Sarah Cattan. 13 nov 2015-13 nov 2021 : Touche pas ça fera toujours mal

Je me souviens très précisément de ce soir-là. Toi aussi, tu sais exactement où tu étais le 11 septembre. Et ce que tu faisais, ce soir-là, quand te sont parvenues les nouvelles : c’était le 13 novembre 2015.

Nous, nous traversions Paris pour rejoindre des amis. Guidés par Waze : les médecins avaient organisé une opération escargot. La beauté de Paris était toujours bouleversante et sur le Pont Alexandre III, j’ai encore baissé la vitre pour encore prendre une photo. Il est de ces spectacles immuables dont jamais on ne se lasse.

Waze. Nous  arrivons tous en même temps au dîner. Nous sommes 8. Paris avait la crève cette semaine-là. Pierre est médecin et l’on parla d’abord du virus qui nous avait fait plier l’un après l’autre. La conversation en arriva au No Gluten. Comment et pourquoi, je ne me souviens plus, mais elle dévia sur Air France. Mais si, souvenez-vous, une histoire de chemise qu’un syndicaliste arracha à un dirigeant de la compagnie. Quasi en direct.
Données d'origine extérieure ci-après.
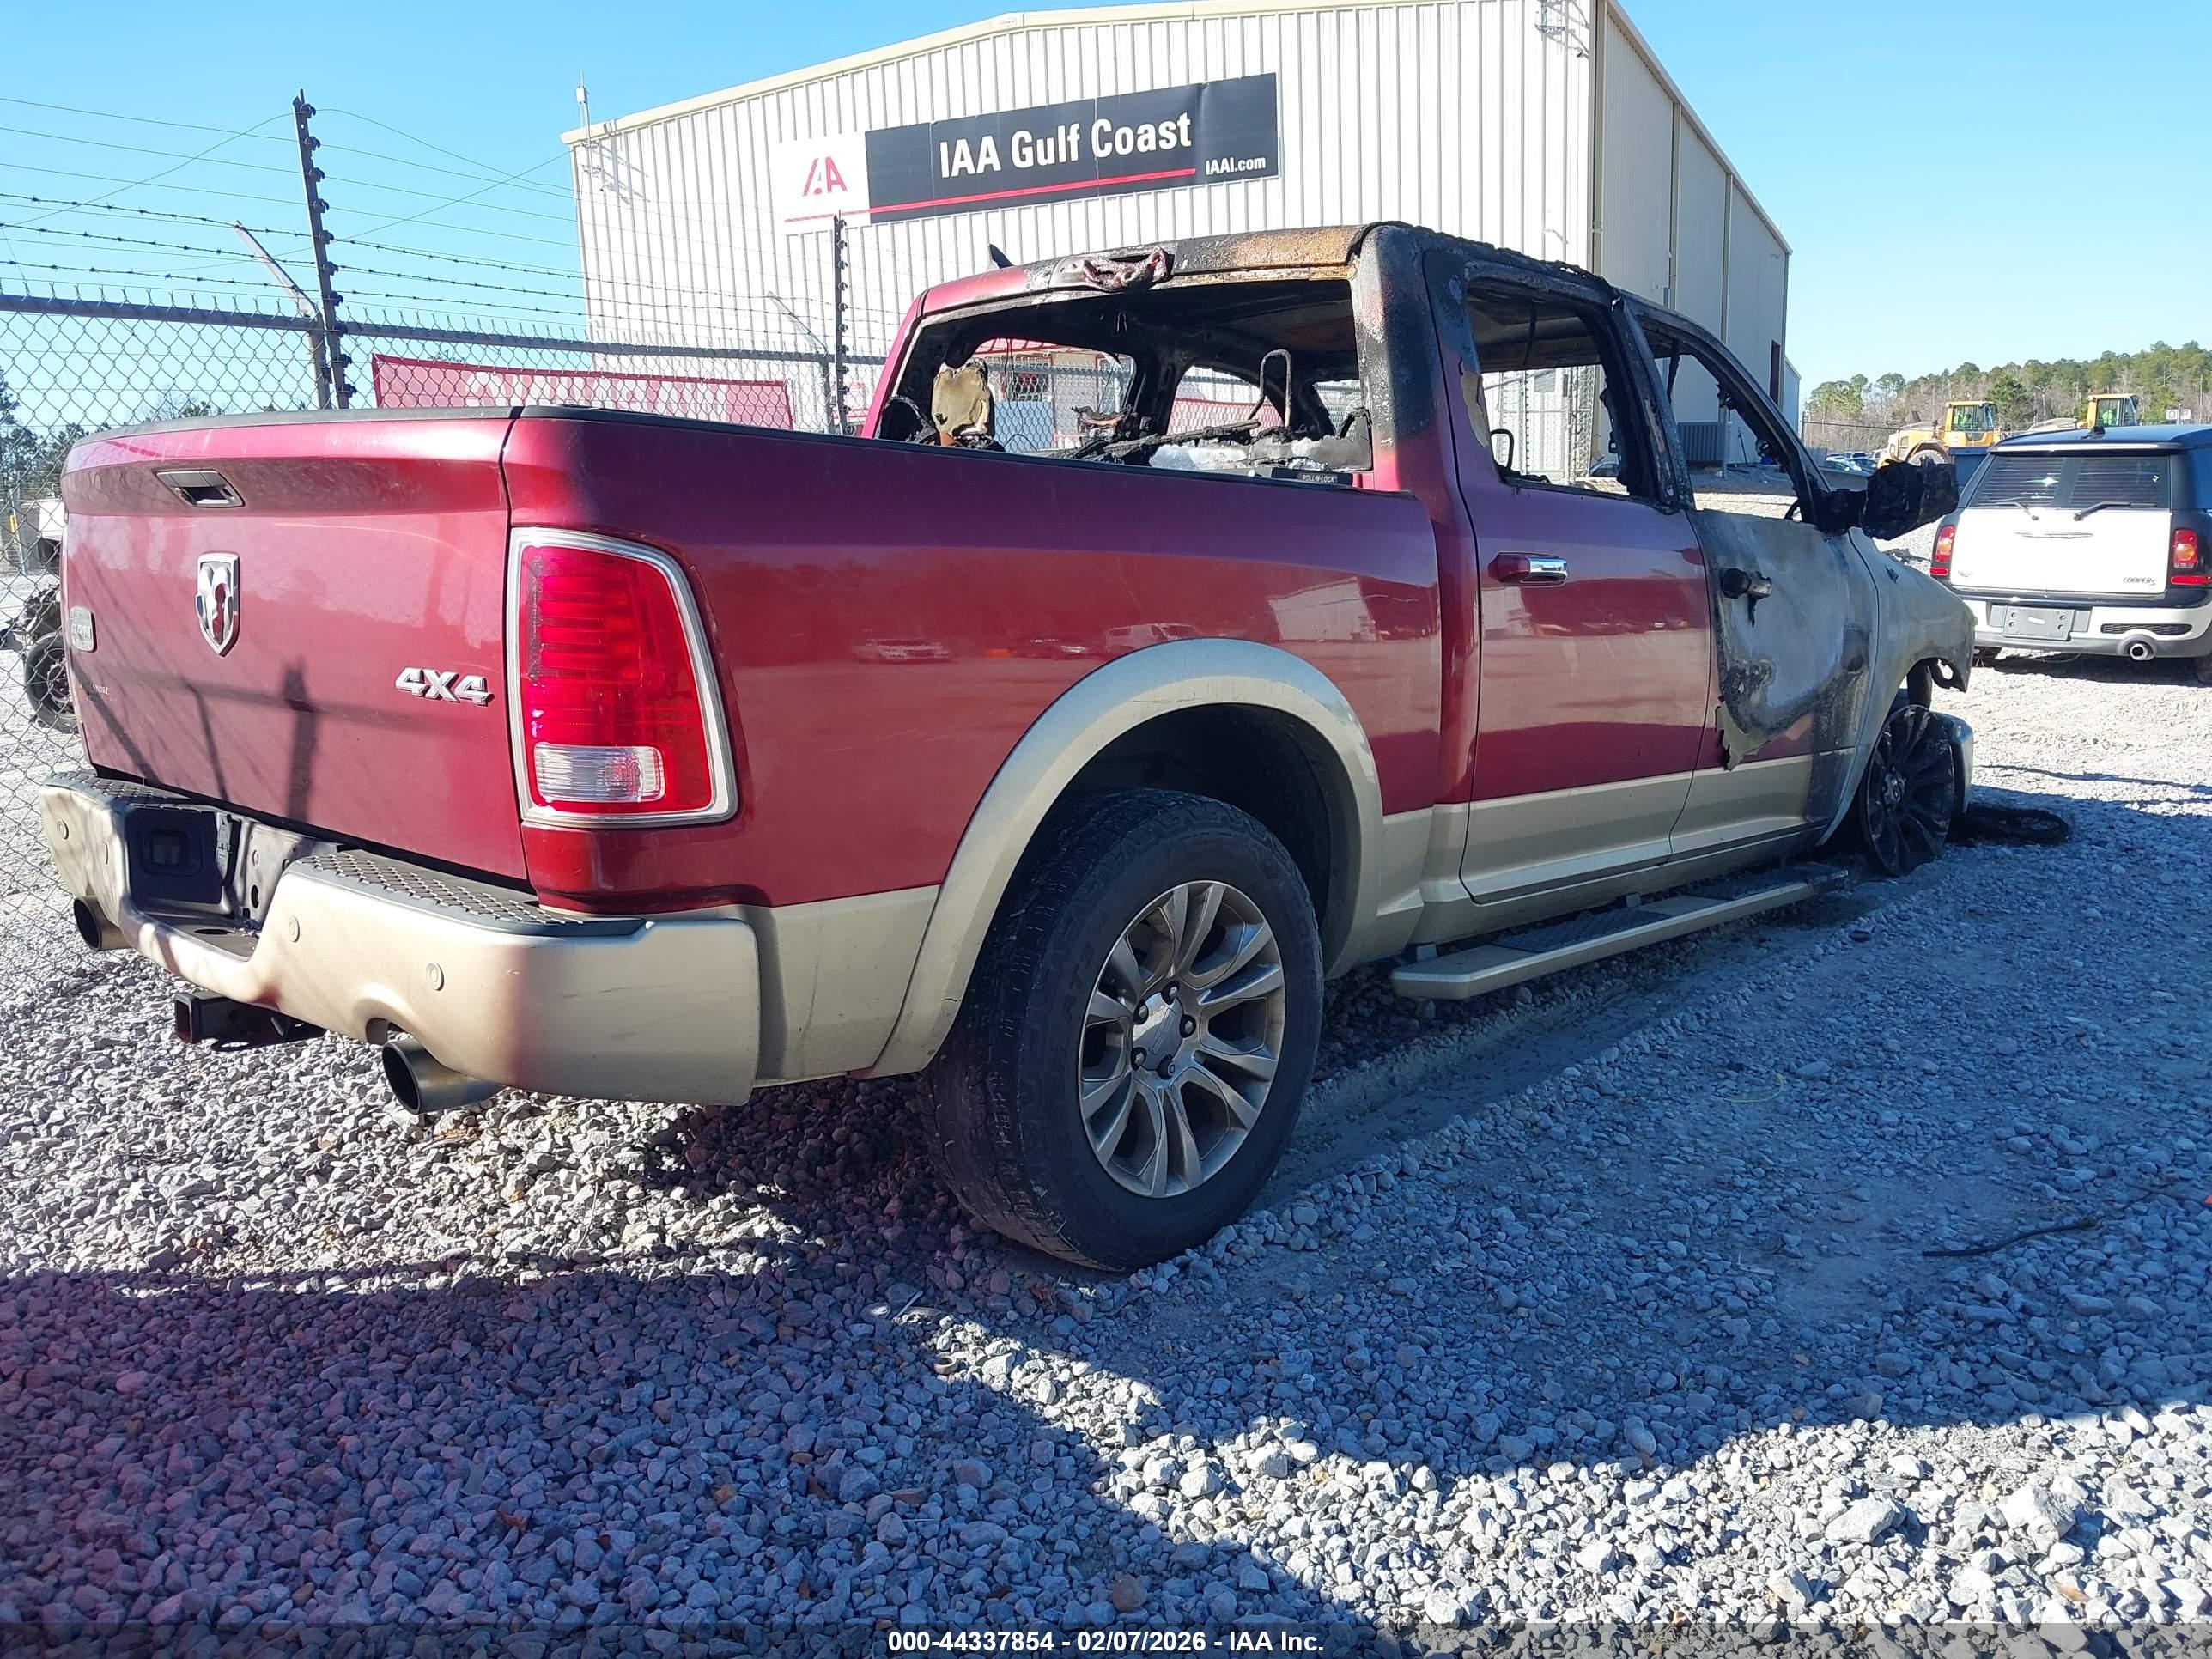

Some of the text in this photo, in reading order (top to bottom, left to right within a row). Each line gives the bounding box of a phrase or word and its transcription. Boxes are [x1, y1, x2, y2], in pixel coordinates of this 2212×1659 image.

[939, 112, 1192, 179] IAA Gulf Coast
[1206, 156, 1267, 175] IAAI.com
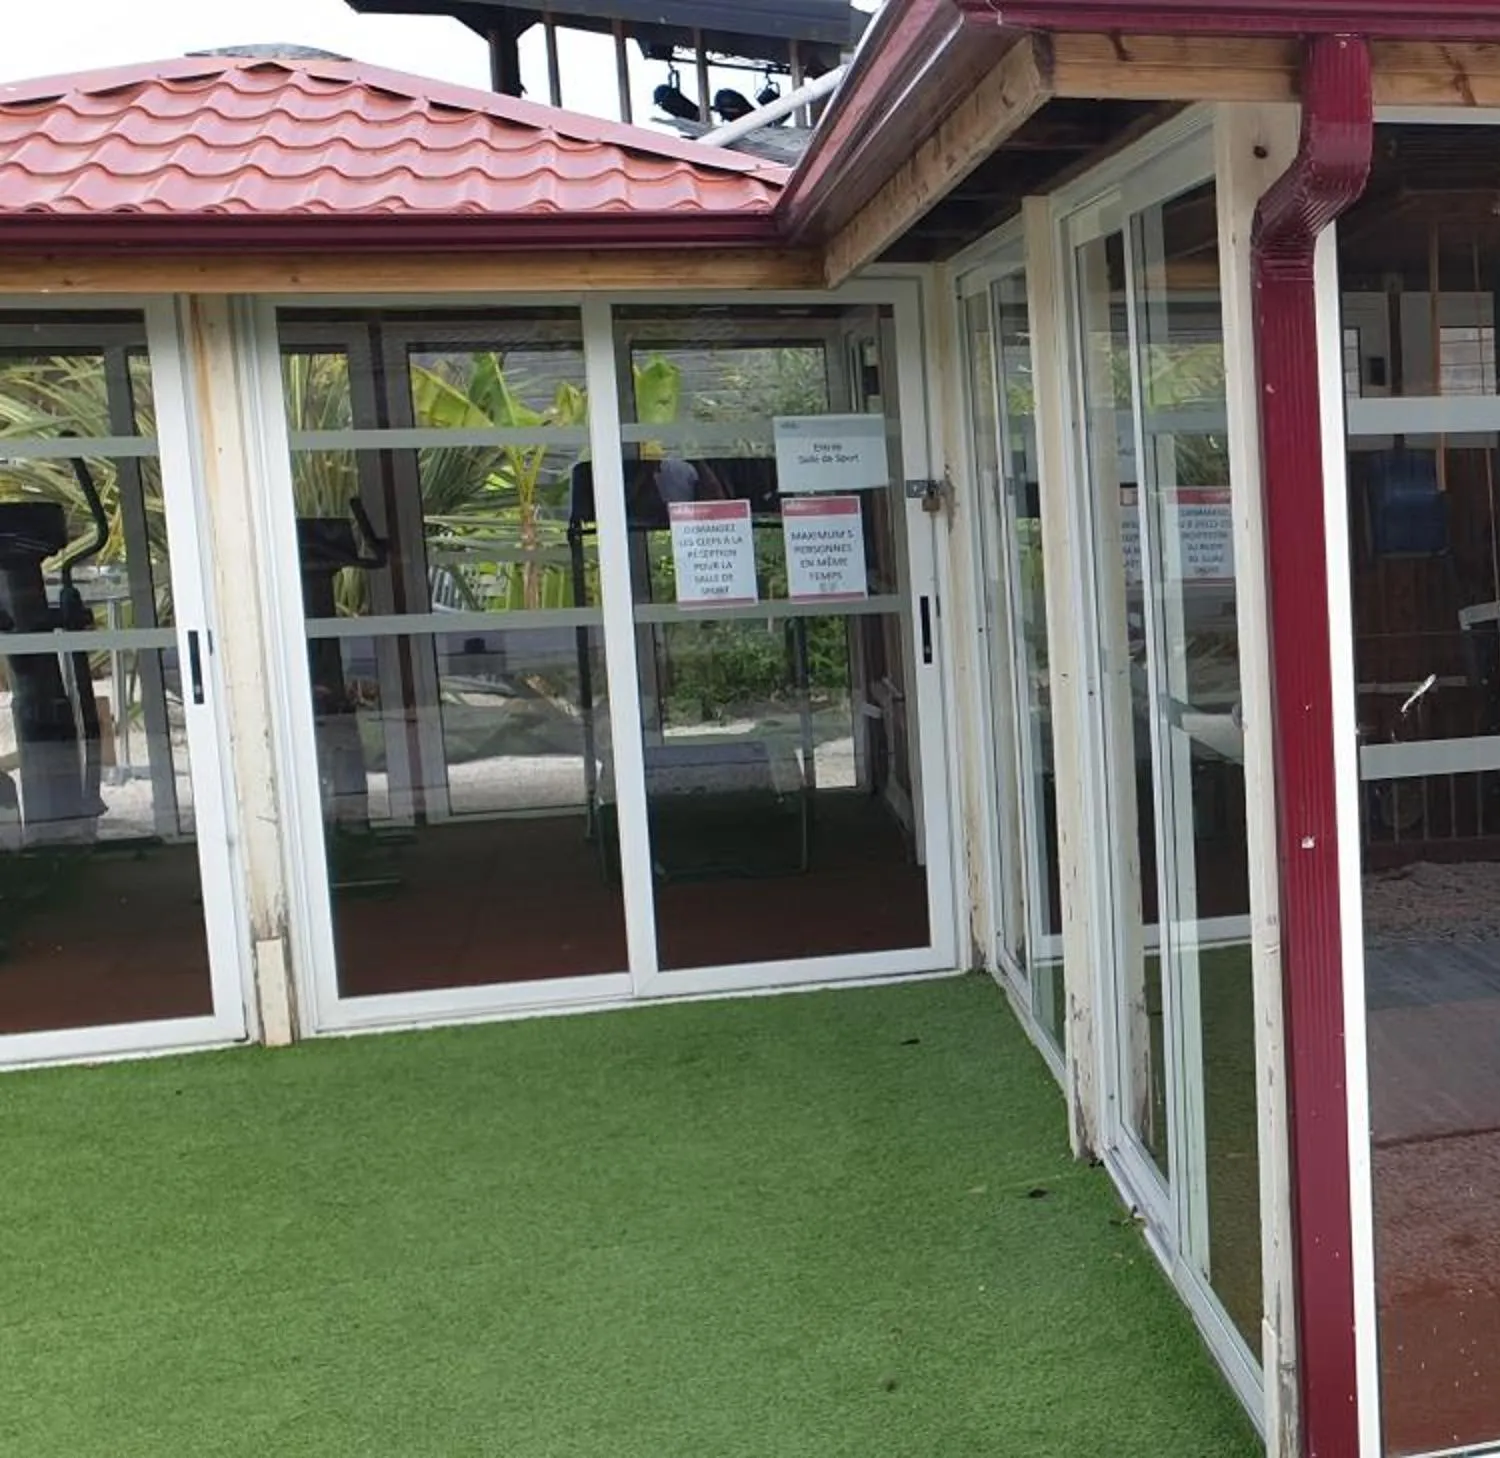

Comme toujours, ce fut lui, Vlad,  jadis trotskyste et désormais célèbre collectionneur,  qui comprenait si bien les « arracheurs de chemise » et voilà même qu’il était en phase avec Mélenchon. Nous avions l’habitude. Nous le charriâmes. Nous jouâmes à le plaindre.  Eclatâmes de rire.

Nos expériences avec les compagnies low- coast, elles suivirent et je me souviens bien que toi, Léo,  encore sous le coup du décalage horaire dû à ton retour, tu nous raconta ton vol. 

Pourquoi et comment? Balzac s’immisça dans la conversation. Et Daesh, évidemment. Si on n’y arrivait pas, c’est qu’on ne voulait pas, disait-celui-là. Pourquoi ensuite, je ne saurais dire, quelqu’un évoqua le boycott jugé alors scandaleux des produits israéliens. Tous nous éclatâmes de rire quand lui, qui entrait d’un week-end en Israël, rapporta que les israéliens  ne disaient plus territoires occupés, mais territoires libérés. 

On buvait du Haut Marbuzet. Deux d’entre nous étaient entre temps devenus végétariens. Aujourd’hui, en 2021, être végétarien ou vegan est d’une telle banalité.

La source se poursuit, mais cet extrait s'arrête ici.